Keywords: Arteriovenous fistula, pulmonary, Thoracoscopy
Introduction
Congenital pulmonary arteriovenous fistula is a disease present at birth and is usually associated with abnormal development of blood vessels in the lungs. Blood directly flows from the pulmonary artery to pulmonary veins, skipping the alveoli. It was first discovered by Churton in 1897, and was named multiple pulmonary artery aneurysm;1 it was later proven by Smith via angiocardiography in 1939. In 1942, Hepburn and Dauphinee performed the first pulmonary arteriovenous fistula surgery.2 The application of embolization to treat pulmonary arteriovenous fistula was reported for the first time in 1978.3 Congenital pulmonary arteriovenous fistula is an autosomal dominant genetic disease and is passed down in the family. The Rendu–Osler–Weber variant, for example, is associated with a 9q3, 12q gene mutation on the chromosome.4 Patients exhibiting symptoms with a limited pathogenic area could be treated with surgery or interventional therapy; however, patients without any symptoms require careful attention. Hemorrhaging caused by a sudden rupture of the veins could be fatal. Surgical approaches need to be adjusted according to the pathogenic area and type. Lung excision is the most common approach, such as wedge‐shape excision of the lung, lobectomy, and pneumonectomy. Surgical options follow the principle of minimizing tissue removal and preserving maximum lung function.5
Case presentation
In September 2016, a 15‐year‐old overweight male attended the emergency room after experiencing difficulty breathing and chest pain for an hour. The patient came in a semi‐reclined position and showed stable life signs. A routine blood examination indicated: hemoglobin 154.0 g (normal range: 120–172); hematocrit 45% (normal range: 36–50%); arterial blood gas PaO2 58 mmHg (normal range: 83–108); and SO2 90% (normal range: 95–98%). Chest computed tomography (CT) showed clots in both lungs and a great deal of pleural effusion in the left chest (Fig 1). Uncoagulated blood was removed via conventional thoracentesis. The patient had been diagnosed with multiple lung pulmonary arteriovenous fistulae a year ago but had chosen not to receive treatment. Fistulae were found in the right upper, left upper, and left lower lobes (Fig 2).
Figure 1.

Chest computed tomography images taken before emergency surgery: (a) right upper lobe; (b) pleural effusion in the left chest; (c) lingual segment of the left upper lobe; and (d) sliced focal pathogenic lung.
Figure 2.

Enhanced computed tomography images: (a,b) right upper lobe; (c,d) left lower lobe and posterior segment; (e,f) lingual segment of the left upper lobe and anterior basal segment.

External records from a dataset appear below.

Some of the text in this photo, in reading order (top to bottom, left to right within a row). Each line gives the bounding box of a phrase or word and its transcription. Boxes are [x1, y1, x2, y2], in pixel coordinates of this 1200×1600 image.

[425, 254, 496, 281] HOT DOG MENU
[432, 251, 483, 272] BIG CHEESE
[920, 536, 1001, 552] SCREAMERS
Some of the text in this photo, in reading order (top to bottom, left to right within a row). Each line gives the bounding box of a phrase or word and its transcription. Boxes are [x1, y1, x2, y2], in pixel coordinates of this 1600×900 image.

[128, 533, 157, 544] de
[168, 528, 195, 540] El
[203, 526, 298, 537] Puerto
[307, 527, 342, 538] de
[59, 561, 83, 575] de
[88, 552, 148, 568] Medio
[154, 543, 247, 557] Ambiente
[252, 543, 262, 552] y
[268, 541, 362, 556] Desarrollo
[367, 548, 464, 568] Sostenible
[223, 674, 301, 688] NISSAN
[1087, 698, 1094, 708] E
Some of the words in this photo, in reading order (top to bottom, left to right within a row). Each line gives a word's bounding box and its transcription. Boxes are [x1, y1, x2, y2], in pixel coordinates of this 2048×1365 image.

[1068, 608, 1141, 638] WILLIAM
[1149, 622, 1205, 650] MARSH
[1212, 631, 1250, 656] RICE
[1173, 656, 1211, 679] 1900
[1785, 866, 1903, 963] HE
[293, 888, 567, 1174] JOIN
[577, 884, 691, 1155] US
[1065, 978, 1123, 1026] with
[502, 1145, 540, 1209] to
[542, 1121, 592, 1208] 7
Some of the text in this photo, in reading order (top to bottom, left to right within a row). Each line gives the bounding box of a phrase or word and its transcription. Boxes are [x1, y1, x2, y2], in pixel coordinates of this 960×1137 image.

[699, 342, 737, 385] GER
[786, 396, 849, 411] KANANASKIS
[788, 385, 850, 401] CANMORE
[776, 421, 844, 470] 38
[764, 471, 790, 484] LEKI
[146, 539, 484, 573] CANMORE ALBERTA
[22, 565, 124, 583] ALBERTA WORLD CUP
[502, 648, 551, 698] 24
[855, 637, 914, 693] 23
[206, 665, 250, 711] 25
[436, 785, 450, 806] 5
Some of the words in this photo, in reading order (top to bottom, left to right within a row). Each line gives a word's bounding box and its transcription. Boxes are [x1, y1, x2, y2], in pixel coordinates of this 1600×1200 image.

When the patient was hospitalized, a diagnosis of multiple lung pulmonary arteriovenous fistulae was confirmed. Thoracoscopy was performed in the emergency room. An observational incision was made in the seventh rib midaxillary line and a 3.5 cm surgical incision in the fourth rib of the left anterior axillary line. Video‐assisted thoracoscopic surgery (VATS) revealed approximately 2000 mL of blood and blood clotting around the left chest. A fistula was found on the lingual segment of the upper lobe located at the edge of the lung just below the visceral pleura. A purple fistula approximately 1 cm in diameter was jutting out of the surface with tension, and had ruptured 0.2 cm. Straight‐line cutting with a suture instrument was used to remove the lingual segment of the upper lobe of the left lung via a wedge‐shaped incision. A red fistula was also detected on the left lower lobe of the lung located at the posterior segment interface of the lower lobe and segment in lung parenchyma, but had not ruptured or bled.
Discussion
Fistulas may exhibit diverse symptoms, including repeated hemoptysis, nose bleeds, difficulty catching breath, an increase in hemoglobin level6, 7 or cerebral infarction or abscess. In this case, the patient was hospitalized for left pyohemothorax, an increased level of hemoglobin, drumstick finger, fatigue, and hypomnesia.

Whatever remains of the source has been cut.